What the student loan payment pause has meant to Black women


By Danielle Douglas-Gabriel

April 3, 2022

“It almost feels like a raise,” said Lisa Jackson, 56, who owes $175,000 for her son and daughter’s college educations. “With the money I would have given towards the loans, I paid off a little outstanding tax debt, which I don’t know I could have done otherwise.”

The payment moratorium has touched the lives of many Americans, but it has perhaps meant the most to the group who stood the most to gain from it — Black women, like Jackson, who shoulder a disproportionate share of the $1.7 trillion student debt burden.

Women hold two-thirds of education debt, an analysis of federal data by American Association of University Women shows, but Black women have the highest average total at $41,466 for undergraduate and $75,085 for graduate school one year out from graduation. The study found that women overall borrowed an average of $31,276 — for undergrad and $51,035 for graduate studies.

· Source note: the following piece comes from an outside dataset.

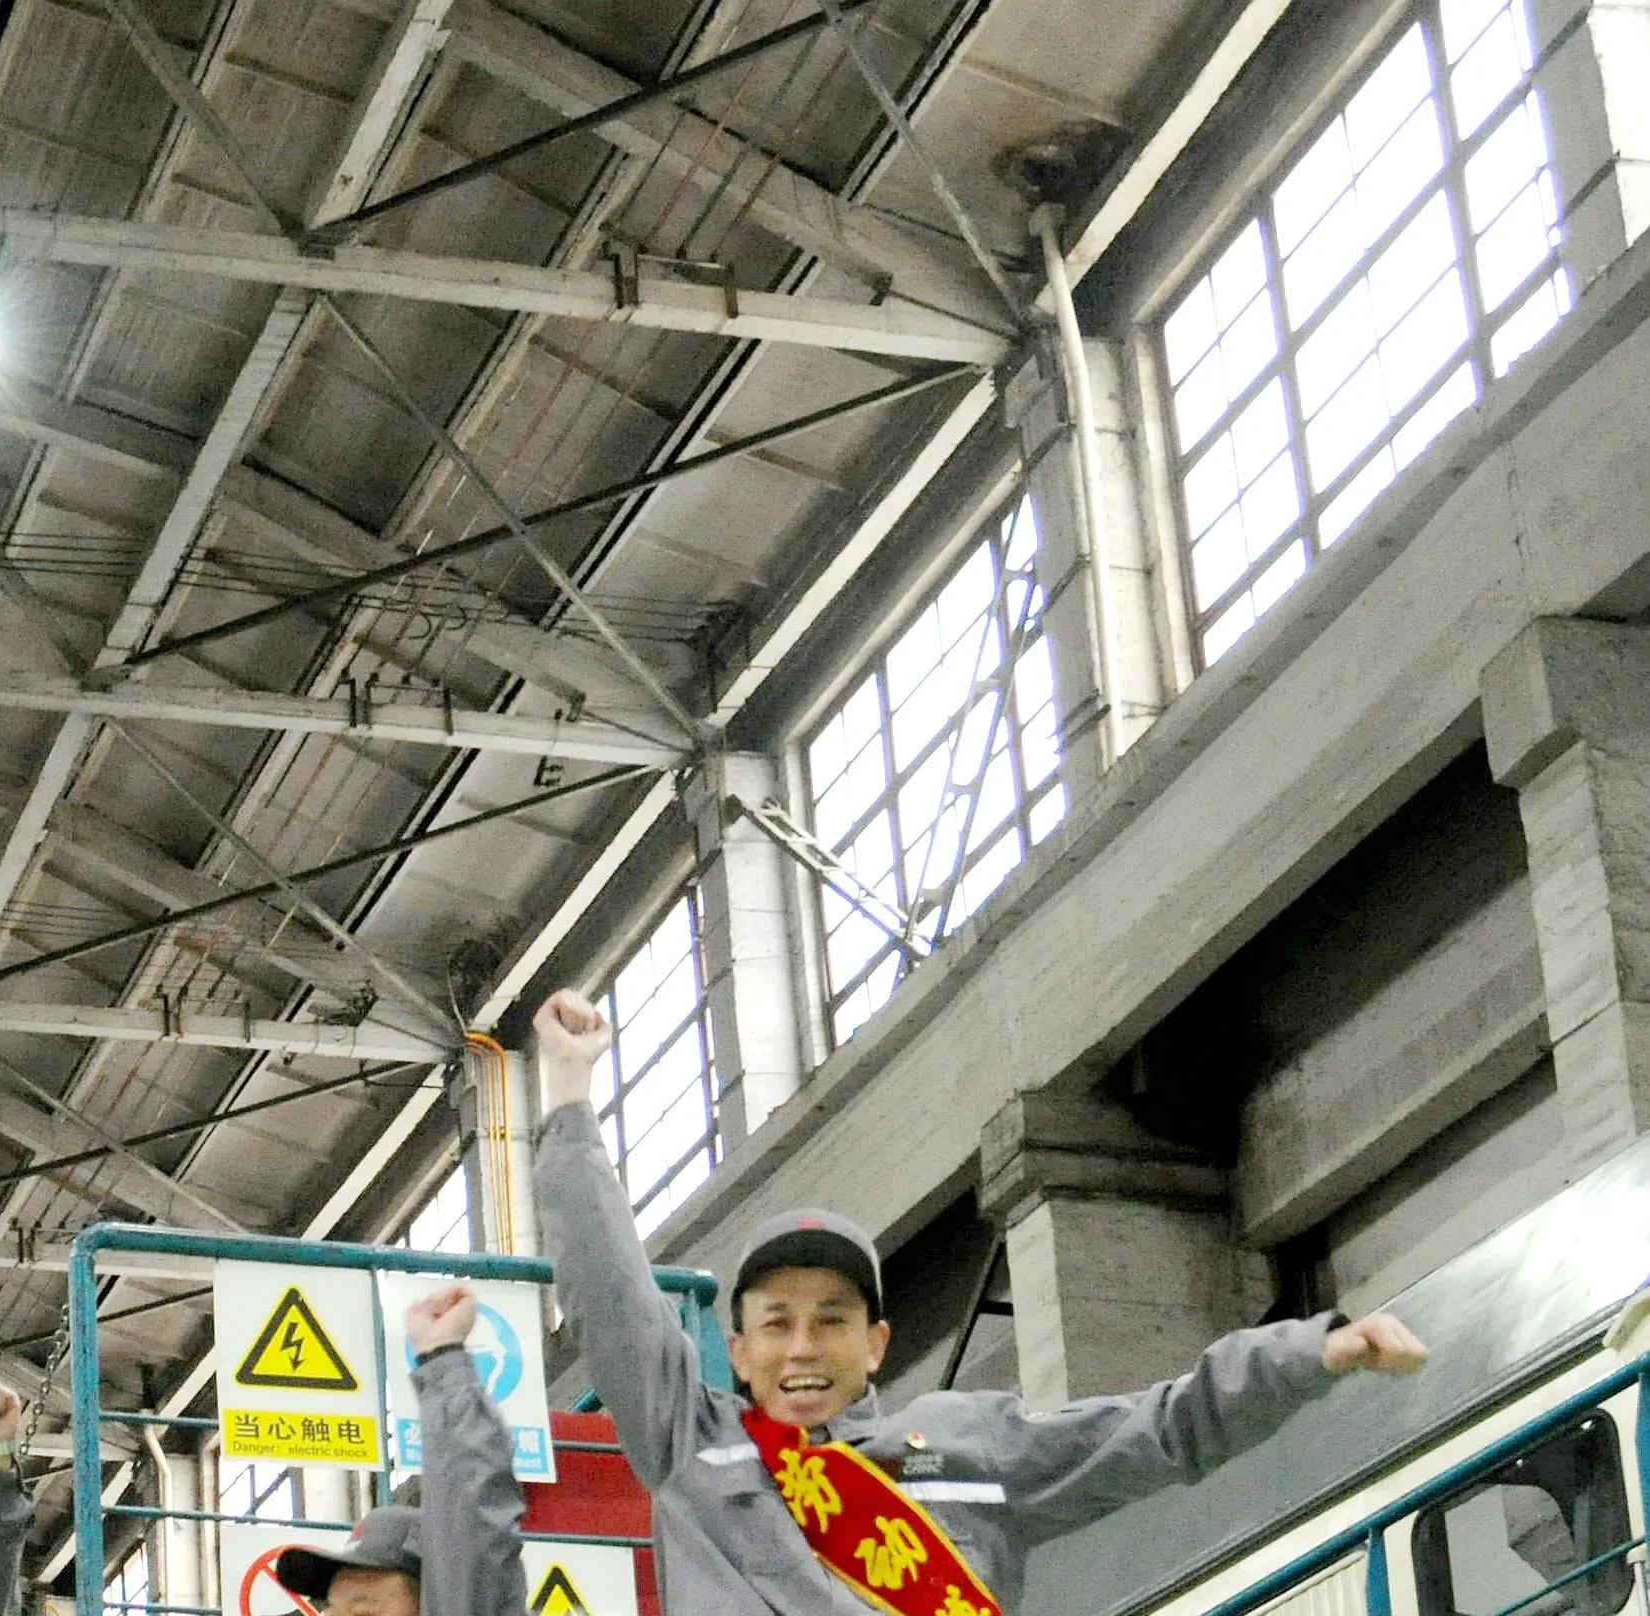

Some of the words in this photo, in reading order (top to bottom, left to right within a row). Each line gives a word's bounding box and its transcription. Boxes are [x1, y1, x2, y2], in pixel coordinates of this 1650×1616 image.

[235, 1414, 365, 1444] 当心触电
[288, 1445, 331, 1456] electric
[333, 1447, 369, 1459] shock

“A lot of Black women are pursuing additional credentials, going back for graduate work and having to take on debt to do so,” said Fenaba R. Addo, an associate professor of public policy at the University of North Carolina at Chapel Hill. “It’s a contributing factor to their debt levels.”

We talked to Black women about what the payment pause meant for them. Some purchased homes or opened savings accounts. Others invested for their retirement or caught up on other bills. There was an overwhelming appreciation for the reprieve and some dread as it is set to end in May (though the Biden administration has been urged to extend it again).